Given data.
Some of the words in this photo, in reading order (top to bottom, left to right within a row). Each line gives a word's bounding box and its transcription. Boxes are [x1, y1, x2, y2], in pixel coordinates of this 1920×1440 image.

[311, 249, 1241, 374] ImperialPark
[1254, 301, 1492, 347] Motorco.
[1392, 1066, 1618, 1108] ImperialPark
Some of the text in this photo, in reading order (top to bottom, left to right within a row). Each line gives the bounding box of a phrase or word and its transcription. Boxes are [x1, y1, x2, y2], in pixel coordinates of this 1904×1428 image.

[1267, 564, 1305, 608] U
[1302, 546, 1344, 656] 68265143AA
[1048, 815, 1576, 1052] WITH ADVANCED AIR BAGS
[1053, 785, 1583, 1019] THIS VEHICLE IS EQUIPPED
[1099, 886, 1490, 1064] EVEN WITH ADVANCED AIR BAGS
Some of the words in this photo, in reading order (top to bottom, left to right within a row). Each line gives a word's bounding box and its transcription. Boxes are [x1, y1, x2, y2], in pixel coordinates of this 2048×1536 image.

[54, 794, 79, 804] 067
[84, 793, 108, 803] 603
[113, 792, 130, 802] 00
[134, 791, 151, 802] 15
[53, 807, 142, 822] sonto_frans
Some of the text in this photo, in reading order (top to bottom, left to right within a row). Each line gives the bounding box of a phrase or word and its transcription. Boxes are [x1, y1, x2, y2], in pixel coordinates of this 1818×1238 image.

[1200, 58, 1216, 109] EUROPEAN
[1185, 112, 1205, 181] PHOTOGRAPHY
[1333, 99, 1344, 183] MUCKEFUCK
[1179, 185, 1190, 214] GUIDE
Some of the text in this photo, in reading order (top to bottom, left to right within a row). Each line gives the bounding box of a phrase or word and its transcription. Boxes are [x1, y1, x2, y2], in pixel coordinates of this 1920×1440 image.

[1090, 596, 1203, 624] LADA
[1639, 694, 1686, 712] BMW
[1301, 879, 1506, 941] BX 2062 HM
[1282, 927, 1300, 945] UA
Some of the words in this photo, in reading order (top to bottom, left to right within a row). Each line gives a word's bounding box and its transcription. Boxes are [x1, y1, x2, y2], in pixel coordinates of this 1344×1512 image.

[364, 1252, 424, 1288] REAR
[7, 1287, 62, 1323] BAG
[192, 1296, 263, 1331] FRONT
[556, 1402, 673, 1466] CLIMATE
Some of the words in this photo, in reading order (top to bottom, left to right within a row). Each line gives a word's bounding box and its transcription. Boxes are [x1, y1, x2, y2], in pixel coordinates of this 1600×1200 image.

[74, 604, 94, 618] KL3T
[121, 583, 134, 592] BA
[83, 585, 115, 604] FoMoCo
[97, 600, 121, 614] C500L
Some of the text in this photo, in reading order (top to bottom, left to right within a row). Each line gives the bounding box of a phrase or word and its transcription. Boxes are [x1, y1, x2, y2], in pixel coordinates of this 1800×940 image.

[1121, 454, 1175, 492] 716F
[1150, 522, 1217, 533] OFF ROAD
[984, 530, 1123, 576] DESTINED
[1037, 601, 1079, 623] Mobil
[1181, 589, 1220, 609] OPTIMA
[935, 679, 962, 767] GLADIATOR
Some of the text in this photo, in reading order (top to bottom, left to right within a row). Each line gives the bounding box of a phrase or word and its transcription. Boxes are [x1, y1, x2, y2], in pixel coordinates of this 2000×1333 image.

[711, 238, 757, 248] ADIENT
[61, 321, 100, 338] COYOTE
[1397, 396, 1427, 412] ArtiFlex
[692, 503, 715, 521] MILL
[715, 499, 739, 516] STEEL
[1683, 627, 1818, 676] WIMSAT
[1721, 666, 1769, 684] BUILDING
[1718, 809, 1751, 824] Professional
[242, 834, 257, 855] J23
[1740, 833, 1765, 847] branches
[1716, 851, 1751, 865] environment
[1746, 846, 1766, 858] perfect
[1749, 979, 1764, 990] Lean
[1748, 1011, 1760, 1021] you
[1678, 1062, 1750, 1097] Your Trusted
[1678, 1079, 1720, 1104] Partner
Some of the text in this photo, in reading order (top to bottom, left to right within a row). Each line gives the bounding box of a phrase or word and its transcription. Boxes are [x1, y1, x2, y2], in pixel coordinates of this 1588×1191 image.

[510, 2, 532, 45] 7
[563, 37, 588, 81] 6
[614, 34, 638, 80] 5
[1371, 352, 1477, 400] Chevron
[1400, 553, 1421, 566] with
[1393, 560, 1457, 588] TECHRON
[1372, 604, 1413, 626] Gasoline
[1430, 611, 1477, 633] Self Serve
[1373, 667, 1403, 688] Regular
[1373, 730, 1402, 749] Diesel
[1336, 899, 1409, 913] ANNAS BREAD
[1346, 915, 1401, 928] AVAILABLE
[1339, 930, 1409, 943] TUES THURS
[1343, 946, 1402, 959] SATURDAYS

What is required.
Each line above must be reproduced exactly.

Solution to the problem.
Some of the words in this photo, in reading order (top to bottom, left to right within a row). Each line gives a word's bounding box and its transcription. Boxes are [x1, y1, x2, y2], in pixel coordinates of this 1920×1440 image.

[311, 249, 1241, 374] ImperialPark
[1254, 301, 1492, 347] Motorco.
[1392, 1066, 1618, 1108] ImperialPark
Some of the text in this photo, in reading order (top to bottom, left to right within a row). Each line gives the bounding box of a phrase or word and its transcription. Boxes are [x1, y1, x2, y2], in pixel coordinates of this 1904×1428 image.

[1267, 564, 1305, 608] U
[1302, 546, 1344, 656] 68265143AA
[1048, 815, 1576, 1052] WITH ADVANCED AIR BAGS
[1053, 785, 1583, 1019] THIS VEHICLE IS EQUIPPED
[1099, 886, 1490, 1064] EVEN WITH ADVANCED AIR BAGS
Some of the words in this photo, in reading order (top to bottom, left to right within a row). Each line gives a word's bounding box and its transcription. Boxes are [x1, y1, x2, y2], in pixel coordinates of this 2048×1536 image.

[54, 794, 79, 804] 067
[84, 793, 108, 803] 603
[113, 792, 130, 802] 00
[134, 791, 151, 802] 15
[53, 807, 142, 822] sonto_frans
Some of the text in this photo, in reading order (top to bottom, left to right within a row). Each line gives the bounding box of a phrase or word and its transcription. Boxes are [x1, y1, x2, y2], in pixel coordinates of this 1818×1238 image.

[1200, 58, 1216, 109] EUROPEAN
[1185, 112, 1205, 181] PHOTOGRAPHY
[1333, 99, 1344, 183] MUCKEFUCK
[1179, 185, 1190, 214] GUIDE
Some of the text in this photo, in reading order (top to bottom, left to right within a row). Each line gives the bounding box of a phrase or word and its transcription. Boxes are [x1, y1, x2, y2], in pixel coordinates of this 1920×1440 image.

[1090, 596, 1203, 624] LADA
[1639, 694, 1686, 712] BMW
[1301, 879, 1506, 941] BX 2062 HM
[1282, 927, 1300, 945] UA
Some of the words in this photo, in reading order (top to bottom, left to right within a row). Each line gives a word's bounding box and its transcription. Boxes are [x1, y1, x2, y2], in pixel coordinates of this 1344×1512 image.

[364, 1252, 424, 1288] REAR
[7, 1287, 62, 1323] BAG
[192, 1296, 263, 1331] FRONT
[556, 1402, 673, 1466] CLIMATE
Some of the words in this photo, in reading order (top to bottom, left to right within a row). Each line gives a word's bounding box and its transcription. Boxes are [x1, y1, x2, y2], in pixel coordinates of this 1600×1200 image.

[74, 604, 94, 618] KL3T
[121, 583, 134, 592] BA
[83, 585, 115, 604] FoMoCo
[97, 600, 121, 614] C500L
Some of the text in this photo, in reading order (top to bottom, left to right within a row). Each line gives the bounding box of a phrase or word and its transcription. Boxes are [x1, y1, x2, y2], in pixel coordinates of this 1800×940 image.

[1121, 454, 1175, 492] 716F
[1150, 522, 1217, 533] OFF ROAD
[984, 530, 1123, 576] DESTINED
[1037, 601, 1079, 623] Mobil
[1181, 589, 1220, 609] OPTIMA
[935, 679, 962, 767] GLADIATOR
Some of the text in this photo, in reading order (top to bottom, left to right within a row). Each line gives the bounding box of a phrase or word and its transcription. Boxes are [x1, y1, x2, y2], in pixel coordinates of this 2000×1333 image.

[711, 238, 757, 248] ADIENT
[61, 321, 100, 338] COYOTE
[1397, 396, 1427, 412] ArtiFlex
[692, 503, 715, 521] MILL
[715, 499, 739, 516] STEEL
[1683, 627, 1818, 676] WIMSAT
[1721, 666, 1769, 684] BUILDING
[1718, 809, 1751, 824] Professional
[242, 834, 257, 855] J23
[1740, 833, 1765, 847] branches
[1716, 851, 1751, 865] environment
[1746, 846, 1766, 858] perfect
[1749, 979, 1764, 990] Lean
[1748, 1011, 1760, 1021] you
[1678, 1062, 1750, 1097] Your Trusted
[1678, 1079, 1720, 1104] Partner
Some of the text in this photo, in reading order (top to bottom, left to right within a row). Each line gives the bounding box of a phrase or word and its transcription. Boxes are [x1, y1, x2, y2], in pixel coordinates of this 1588×1191 image.

[510, 2, 532, 45] 7
[563, 37, 588, 81] 6
[614, 34, 638, 80] 5
[1371, 352, 1477, 400] Chevron
[1400, 553, 1421, 566] with
[1393, 560, 1457, 588] TECHRON
[1372, 604, 1413, 626] Gasoline
[1430, 611, 1477, 633] Self Serve
[1373, 667, 1403, 688] Regular
[1373, 730, 1402, 749] Diesel
[1336, 899, 1409, 913] ANNAS BREAD
[1346, 915, 1401, 928] AVAILABLE
[1339, 930, 1409, 943] TUES THURS
[1343, 946, 1402, 959] SATURDAYS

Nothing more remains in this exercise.